Sosyal Medya kullanıcıları ona Hoca dedi, solcular Filozof, sağcılar Hoca ile Veli arasında kaldı. Aslında ne Deli, ne de Veli, hele filozof hiç değil.
Haberi ilk okuduğumda Şizofren olduğunu tahmin etmiştim. Ancak söylemeye, yazmaya cesaret edemedim çünkü bizim mahalle okuduğu ayetlerden ve yaptığı sohbetlerden dolayı ona Velilik payesi vermişlerdi.
Ramazan Böçkün; Diyarbakır Ulu Camide Bir Kadına " Çok ince giyinmişsin , içini görüyorum " demiş. Kadın suç duyurusunda bulunmuş. Savcılık, gerekli tahkikatı yapmak için işlem başlatmış, Ramazanın Babası oğlunun " deli " olduğunu söylemiş. Göz altına alınan şahsın cezai ehliyetinin olup olmadığının tespiti için Hastaneye sevk edilmiş ve Şizofren teşhisi konulmuş.

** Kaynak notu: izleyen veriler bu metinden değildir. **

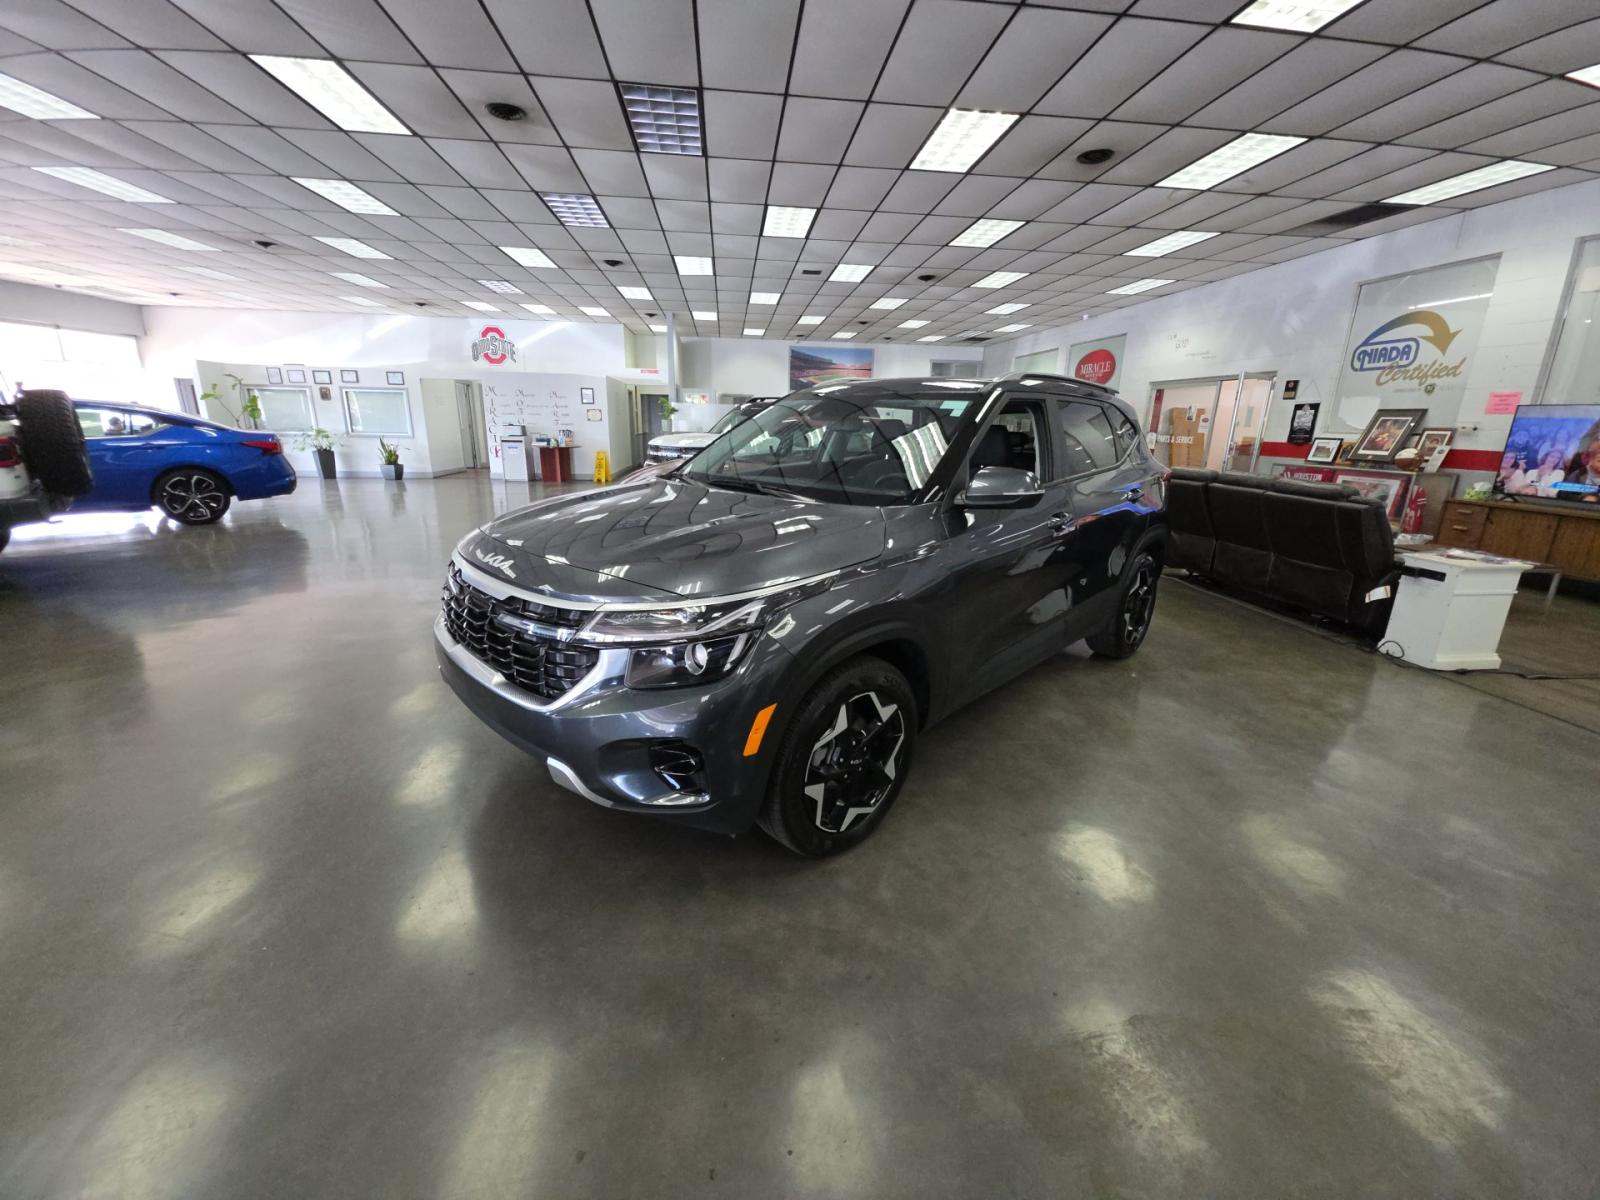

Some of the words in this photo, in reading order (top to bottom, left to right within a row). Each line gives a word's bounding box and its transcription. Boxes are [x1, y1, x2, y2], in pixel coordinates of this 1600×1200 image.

Şizofrenlik psikolojik bir hastalık, Yani Biyolojik temelli Psikolojik bir rahatsızlık. Bu kimseler Deli değillerdir. Delilik düşük IQ ’lü bireyler için kullandığımız bir terim. Şizofrenlerin bir kısmı ileri derecede zeki insanlardır. Yaptıkları konuşma ve tahlillerle Bizim gibi normal zekaya sahip insanları şaşırtacak düzeyde sonuçlar oluşturabilirler.
Şizofrenlerin kendilerine ait bir dünyası vardır. Kimisi Peygamberdir, kimisi ünlü bir General , kimisi çok bilgili bir profesör. Misal; Hasan Mezarcı Hz. İsa olduğunu söyler hatta kitleleri ikna edebilecek bilgi birikimi de vardır. Refah Partisinde Erbakan’ın önemli kurmaylarından biriydi. Tutuklandığında gördüğü muameleden ötürü de hastalığı nüksetmiş olabilir. Şimdi tımarhanede değil lakin hala kendisinin Hz. İsa olduğunu iddia ediyor. Bu hastalık sonradan etkisini gösteren bir hastalık. Kendini ifade etme yaşı bireyin yaşadığı hayat ve stres düzeyiyle ilgili sanırım. Kimisinde 20 li yaşlarda kendini ifade ederken kimisinde 40 lı , 50 li yaşlarda kendini ifade eder. Bireyde belirtileri görüldükten sonra kimi uysal olur, kimi saldırgan.
Rabbim, Peygamberlerine Tebliğ görevi vermiş. O'nun tabiriyle " Sakındırıcı ".
Kuşkusuz saygın bir görev. İnsanları gelecek olan azaptan dolayı uyarmak, hak yolu göstermek. Allah'ın muhakkak çeşitli uyarı yolları da vardır. Rabbim meczup birinin diliyle bizi uyarır, bir papatyanın açmasıyla, atın koşmasıyla, suyun coşmasıyla. Burada marifet uyarıcıda değil uyaranda. Burada marifet söyleyen de değil, açanda değil, coşanda değil, koşanda değil. Onları yaptıranda. RAMAZAN BÖÇKÜN bir çok insanın düşünmesine vesile olmuş olabilir, belki de Vatanını, Milletini seven Müslüman olmasını da sağlamış olabilir. Bu onun meczup ya da Şizofren olma durumuyla ilgili değildir. Biz Ramazan Böçkün’ün sesini duyduk, dinledik ve sevdik…
İnşallah ilaçlarını doğru kullanır da şifa bulur.